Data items
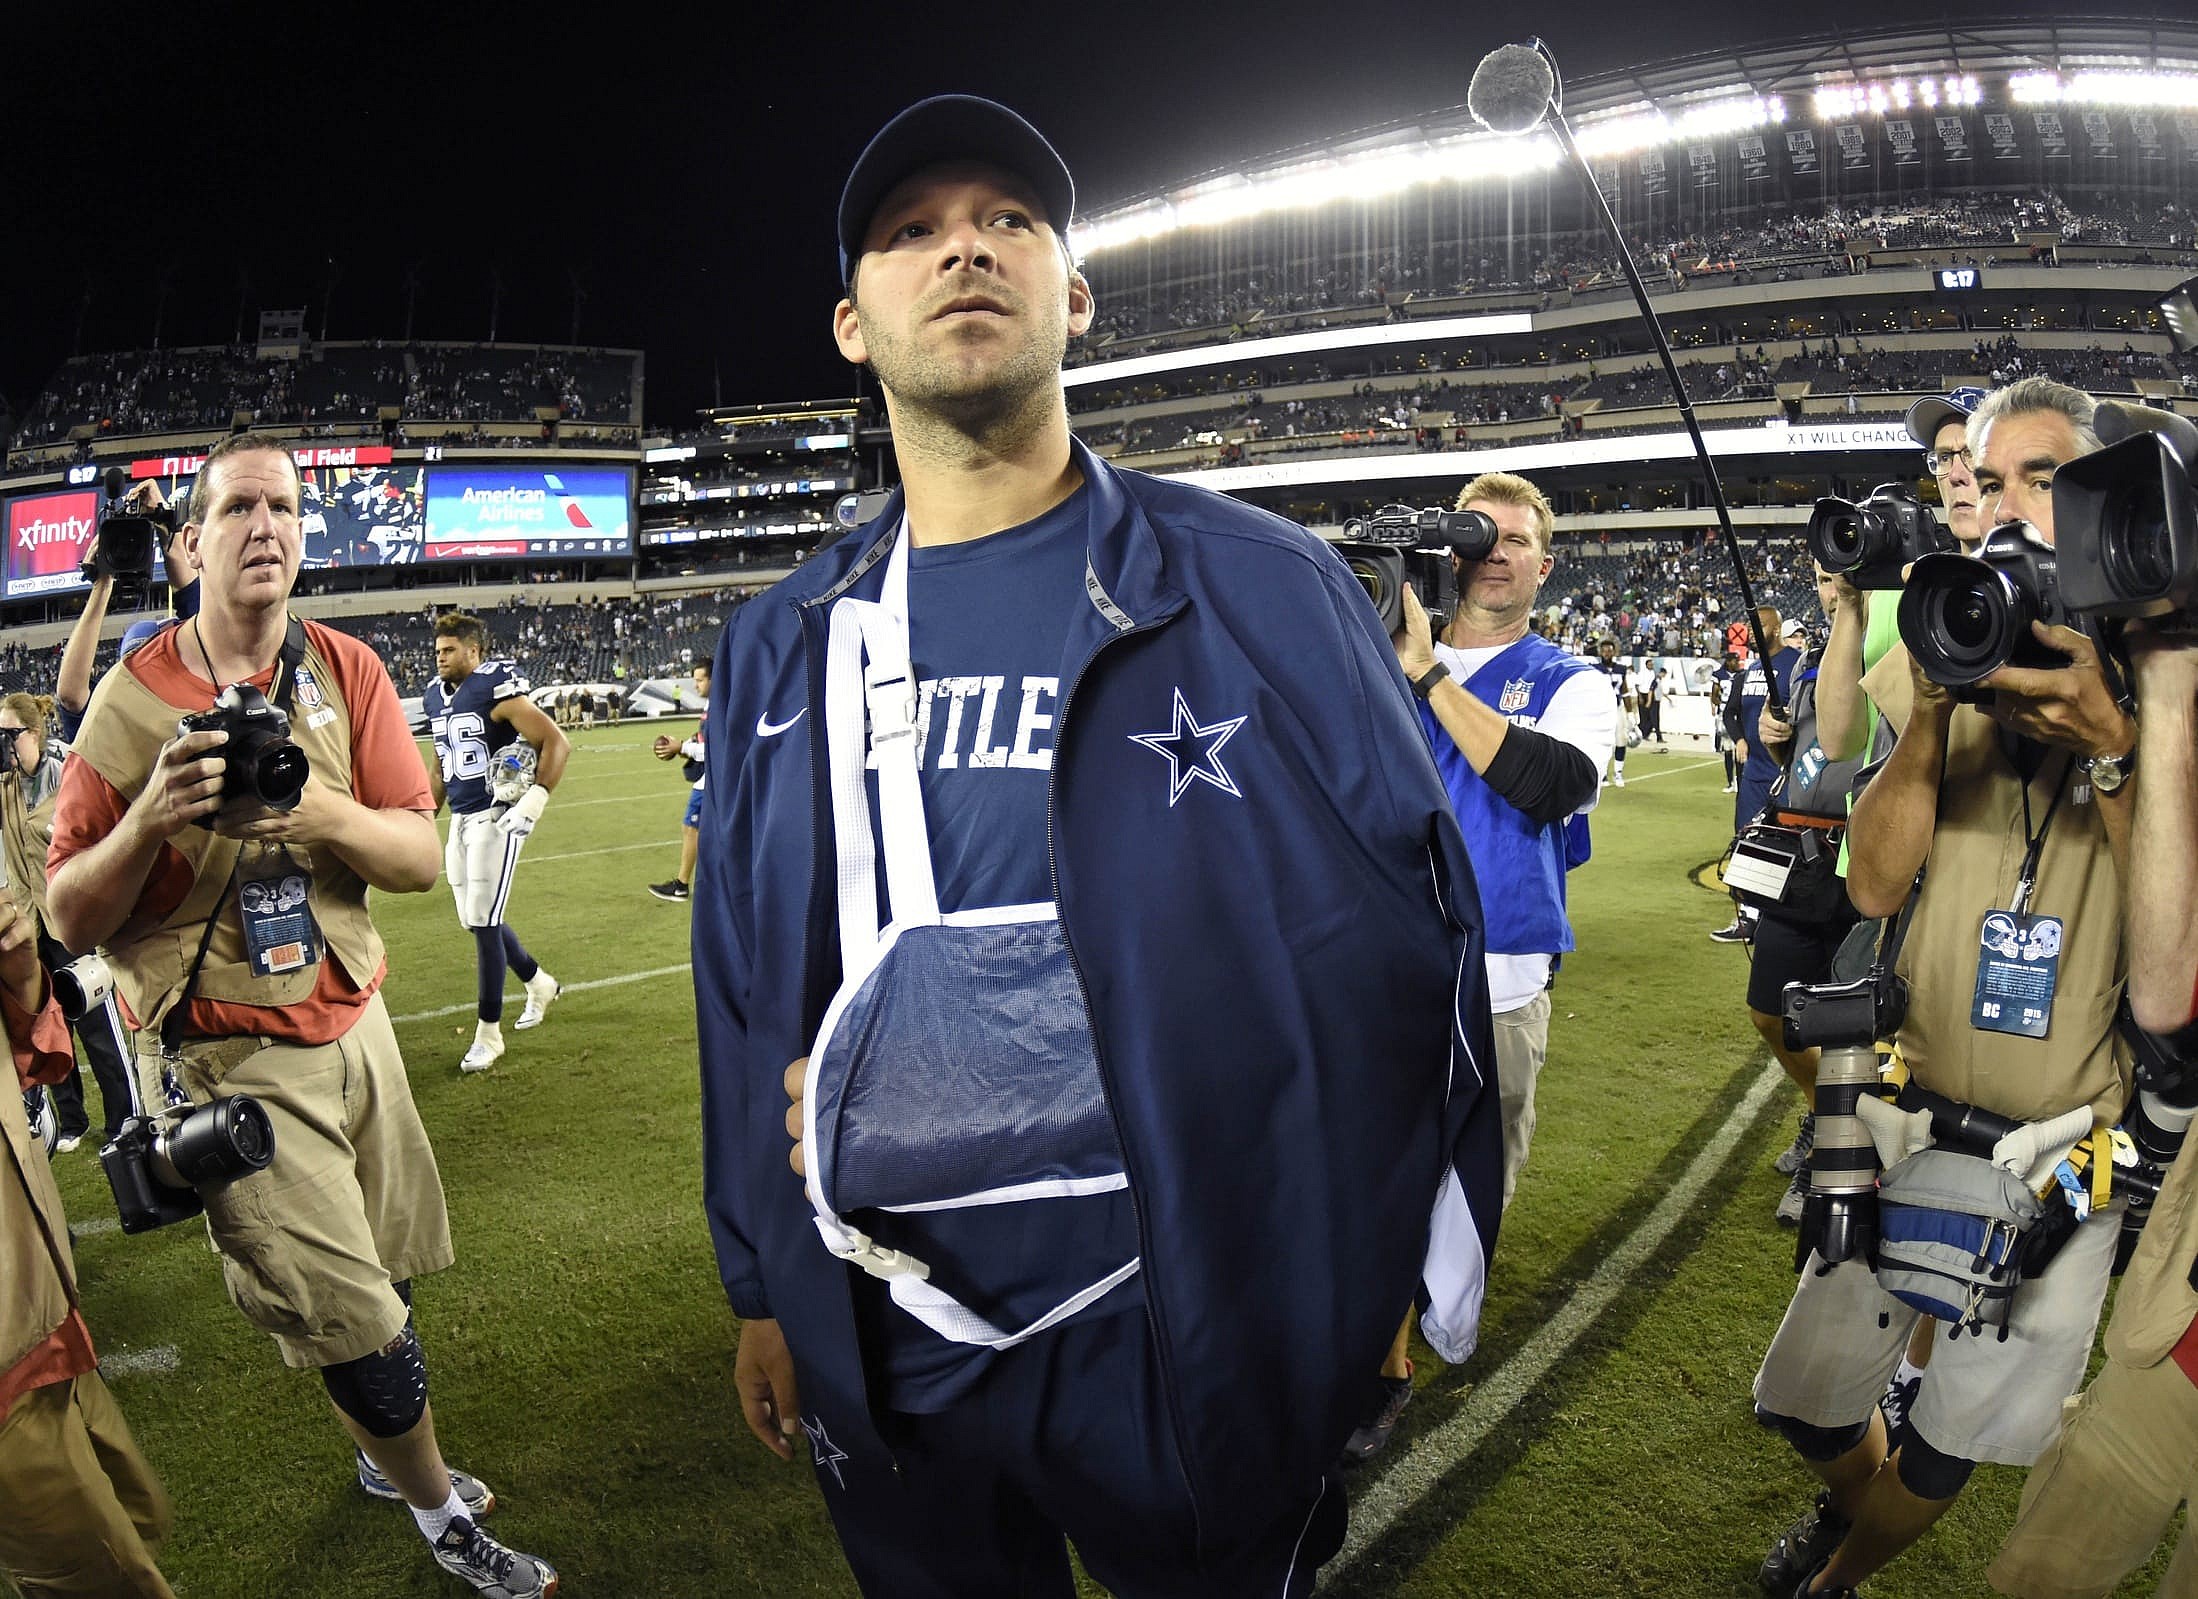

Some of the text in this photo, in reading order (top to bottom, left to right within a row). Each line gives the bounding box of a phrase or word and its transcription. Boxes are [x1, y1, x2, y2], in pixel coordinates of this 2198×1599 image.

[1788, 433, 1804, 445] X1
[1811, 431, 1847, 444] WILL
[317, 447, 356, 466] Field
[461, 486, 546, 505] American
[477, 504, 545, 522] Airlines
[1987, 543, 2014, 553] Canon
[823, 588, 838, 602] NIKE
[1503, 691, 1526, 707] NFL
[2018, 928, 2028, 943] 3
[1981, 1001, 2001, 1019] BC

- **What this task involves**: Except for the pictures, give the data again word for word.

- **Task result**:
Some of the text in this photo, in reading order (top to bottom, left to right within a row). Each line gives the bounding box of a phrase or word and its transcription. Boxes are [x1, y1, x2, y2], in pixel coordinates of this 2198×1599 image.

[1788, 433, 1804, 445] X1
[1811, 431, 1847, 444] WILL
[317, 447, 356, 466] Field
[461, 486, 546, 505] American
[477, 504, 545, 522] Airlines
[1987, 543, 2014, 553] Canon
[823, 588, 838, 602] NIKE
[1503, 691, 1526, 707] NFL
[2018, 928, 2028, 943] 3
[1981, 1001, 2001, 1019] BC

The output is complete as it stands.